Den „Dusel-Sieg“ in Gummersbach (26:25) am ersten Spieltag bezeichnet Christophesern als „Warnschuss“. In der Bundesliga könne man die Gegner aus der vermeintlich unteren Tabellenhälfte nicht automatisch schlagen, so der Sportchef weiter. „Wir sind nicht an das Optimum herangekommen – und dann wird es schwer zu gewinnen.“ Zumindest aber habe man große Moral in der Schlussphase gezeigt und sei kaltschnäuzig genug gewesen, um doch noch den ersten Zweier einzufahren dank Timo Kastenings Treffer drei Sekunden vor Schluss. Der spanische Recken-Trainer Carlos Ortega: „In der deutschen Bundesliga kann man kein Spiel mit halber Kraft gewinnen. Beim BHC müssen wir vor allem die schnelle Mitte unterbinden.“

Offen ist erneut, ob Kai Häfner ins Team zurückkehrt. Der Kapitän hatte wegen seiner Bauchmuskelprobleme schon in Gummersbach nicht gespielt. „Wir wollen da kein Risiko eingehen“, meint Christophersen. Torge Johannsen fällt nach seiner Ellenbogen-Operation weiter aus. Als taktische Variante ist gut möglich, dass das Ortega-Team mit zwei Spielmachern agiert: Neben Morten Olsen auch Pawel Atman. So könne man in der Offensive überraschen, meint der Coach.

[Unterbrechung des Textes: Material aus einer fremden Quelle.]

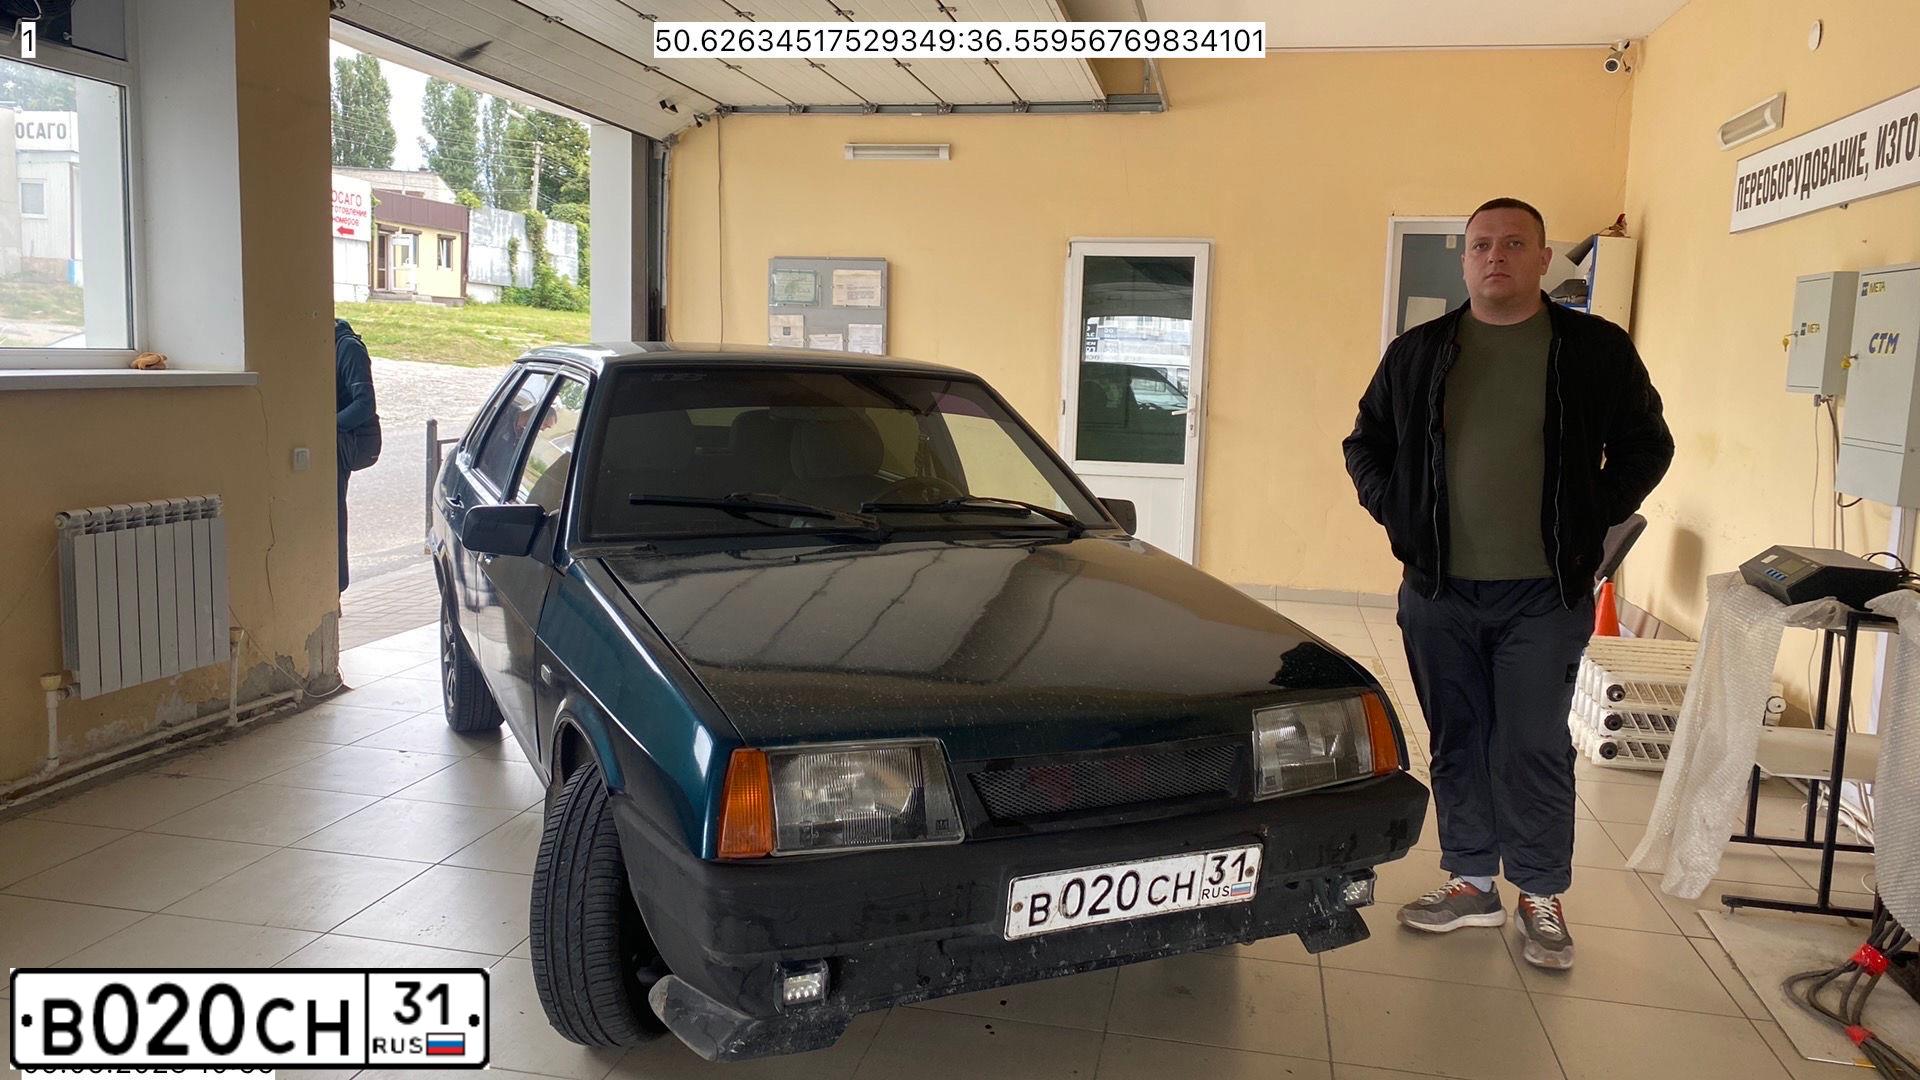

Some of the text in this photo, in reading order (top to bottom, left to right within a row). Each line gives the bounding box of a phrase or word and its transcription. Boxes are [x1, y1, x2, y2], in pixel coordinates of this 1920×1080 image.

[15, 122, 67, 140] ОСАГО
[1736, 112, 1920, 212] ПЕРЕОБОРУДОВАНИЕ, ИЗГО
[1208, 851, 1248, 886] 31
[1201, 885, 1230, 900] RUS
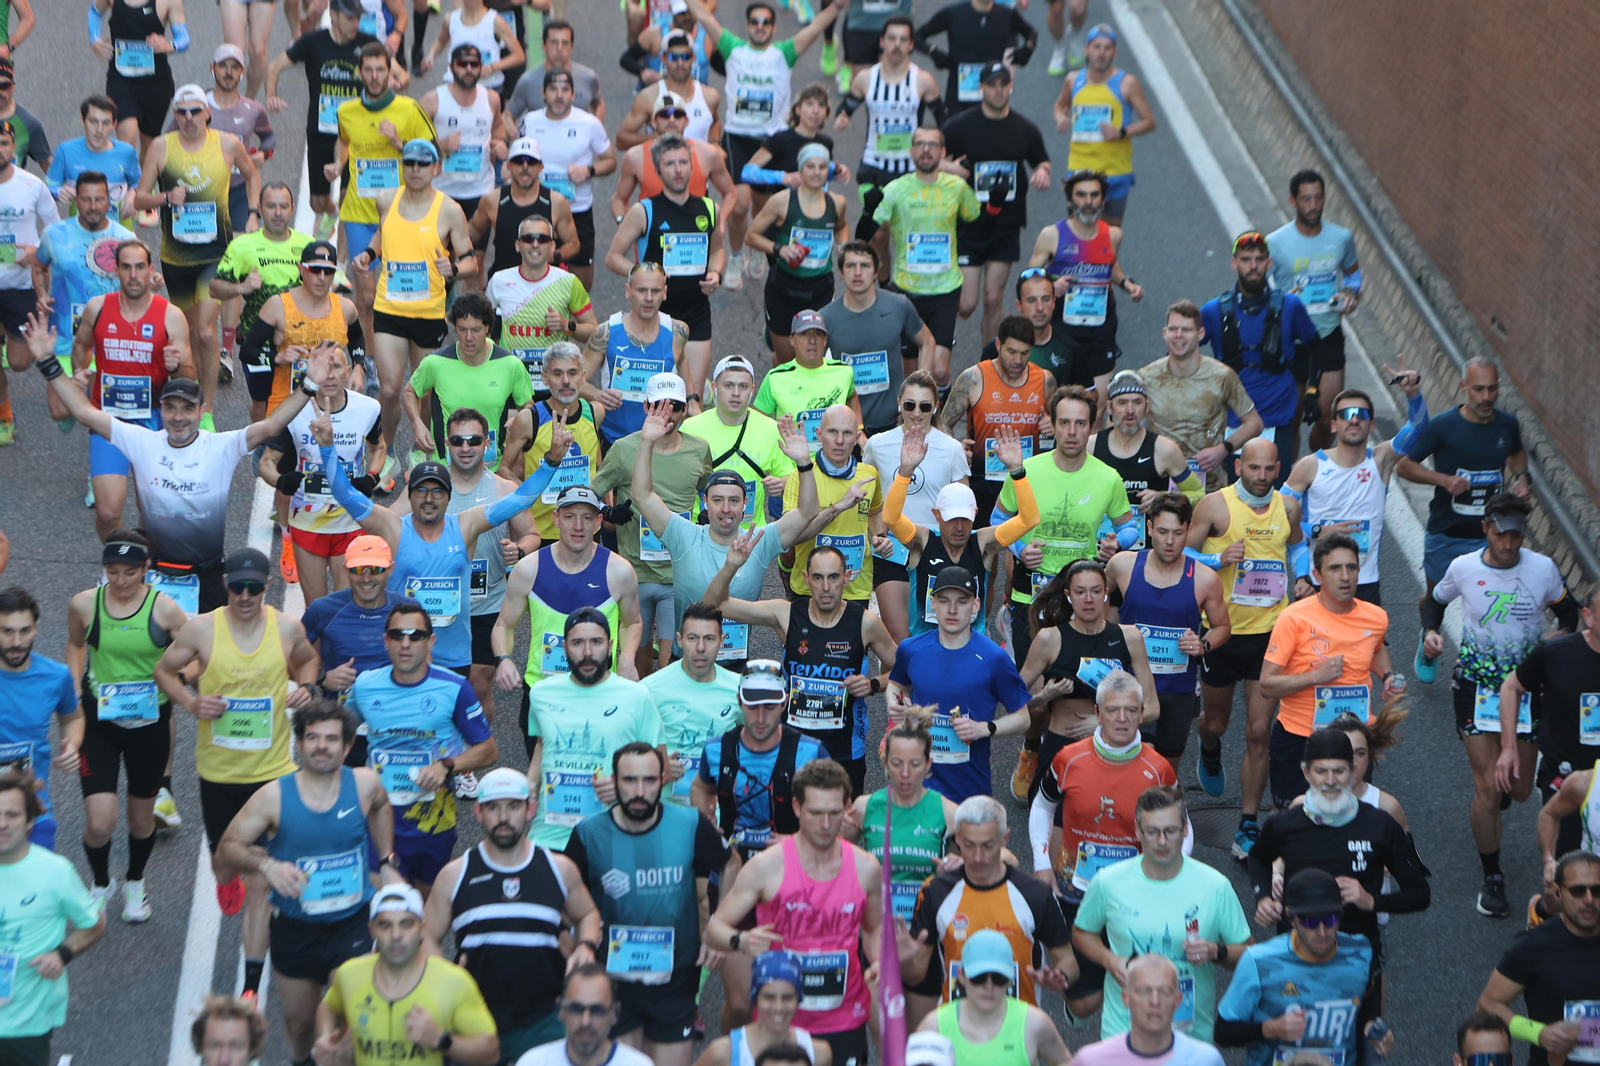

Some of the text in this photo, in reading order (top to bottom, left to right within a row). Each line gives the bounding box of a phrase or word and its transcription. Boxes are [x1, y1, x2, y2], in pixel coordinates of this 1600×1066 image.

[321, 83, 358, 97] SEVILLA
[187, 204, 212, 213] ZURICH
[119, 339, 154, 352] ATLETISMO
[103, 347, 153, 364] TREBUJENA
[857, 355, 881, 365] ZURICH
[632, 363, 658, 371] ZURICH
[116, 378, 145, 387] ZURICH
[657, 380, 676, 390] ciele
[116, 392, 136, 401] 11325
[559, 459, 584, 468] ZURICH
[1124, 479, 1148, 488] erna
[834, 538, 860, 546] ZURICH
[1255, 562, 1282, 571] ZURICH
[424, 581, 454, 589] ZURICH
[1253, 577, 1269, 586] 7972
[1249, 588, 1271, 596] SHARON
[1153, 630, 1183, 640] ZURICH
[1152, 645, 1169, 654] 5211
[808, 683, 839, 693] ZURICH
[1335, 688, 1363, 697] ZURICH
[805, 699, 823, 709] 2791
[795, 708, 834, 718] ALBERT ROIG
[563, 775, 592, 786] ZURIC
[1352, 860, 1367, 872] LIV
[635, 866, 683, 888] DOITU
[631, 931, 666, 942] ZURICH
[806, 955, 841, 967] ZURICH
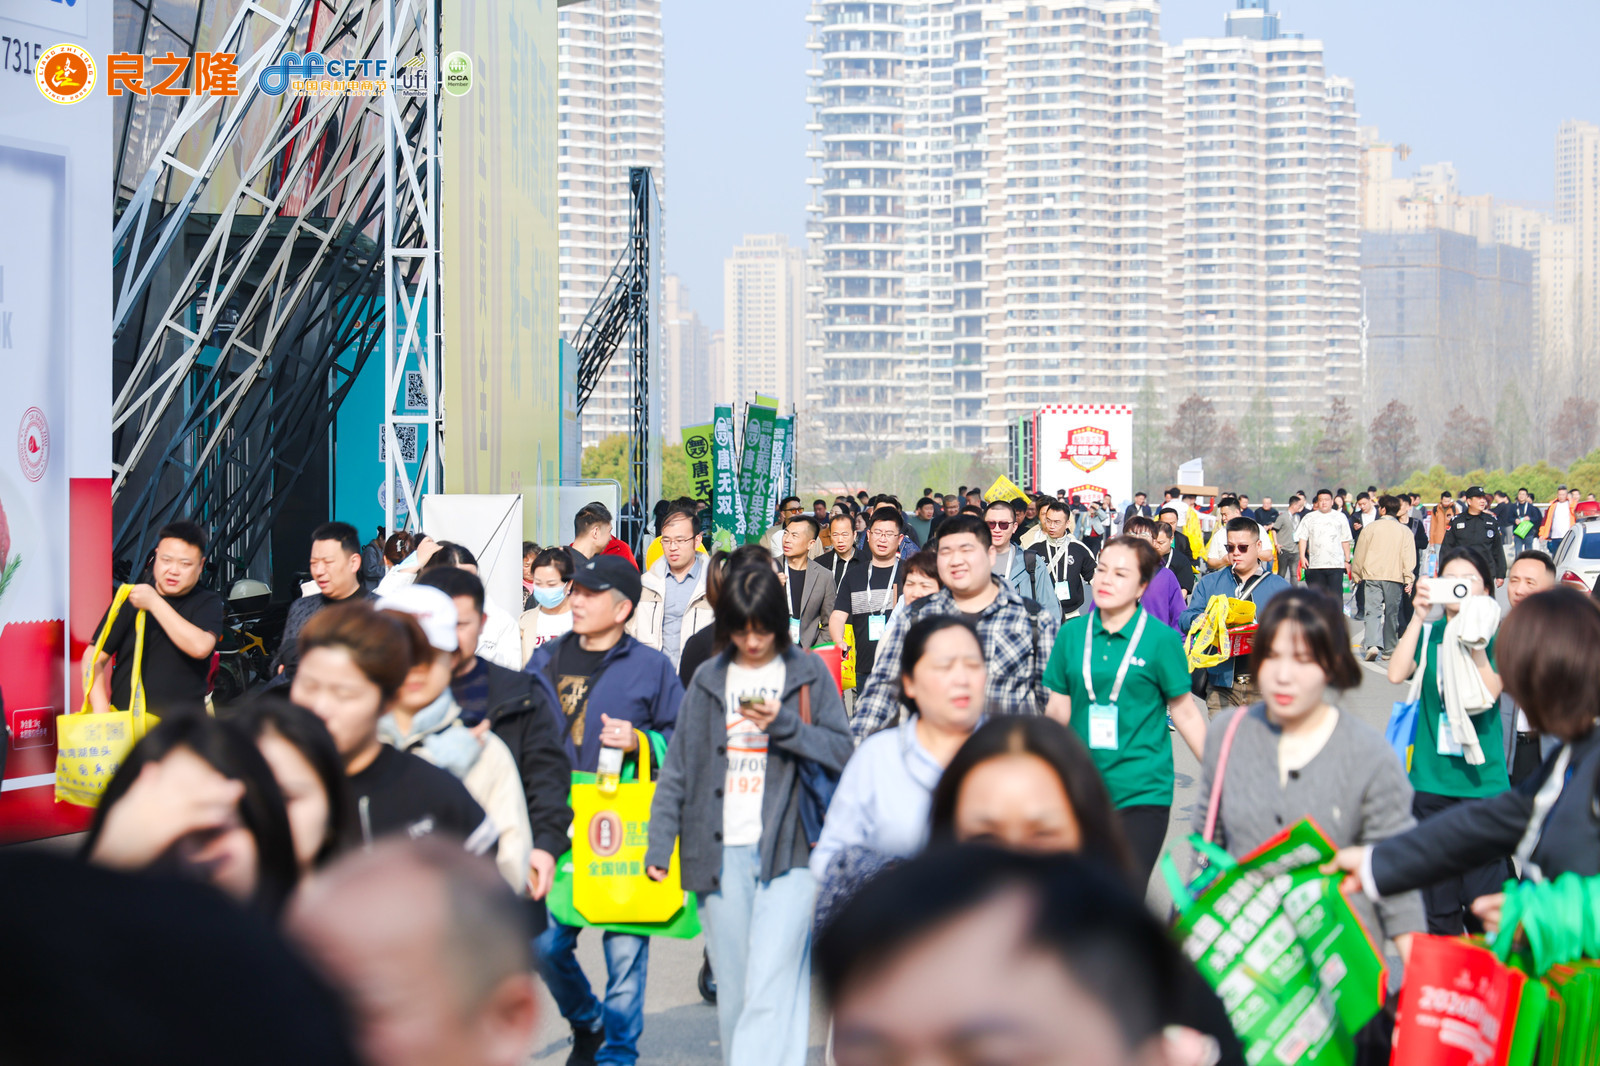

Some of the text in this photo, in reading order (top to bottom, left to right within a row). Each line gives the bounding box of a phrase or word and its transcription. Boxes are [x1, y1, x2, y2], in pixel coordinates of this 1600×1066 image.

[716, 449, 733, 515] 唐无双
[747, 434, 772, 536] 整颗水果茶
[588, 861, 645, 877] 全国销量

Für den ersten Heim-Auftritt sind bereits mehr als 3200 Tickets verkauft worden – eine beachtliche Resonanz für ein Auftaktspiel. Die Heimpremiere ist zugleich auch der Start in die erste englische Woche: Am kommenden Mittwoch gastieren die Recken in Göppingen, am übernächsten Sonntag kommt GWD Minden in die Swiss-Life Hall.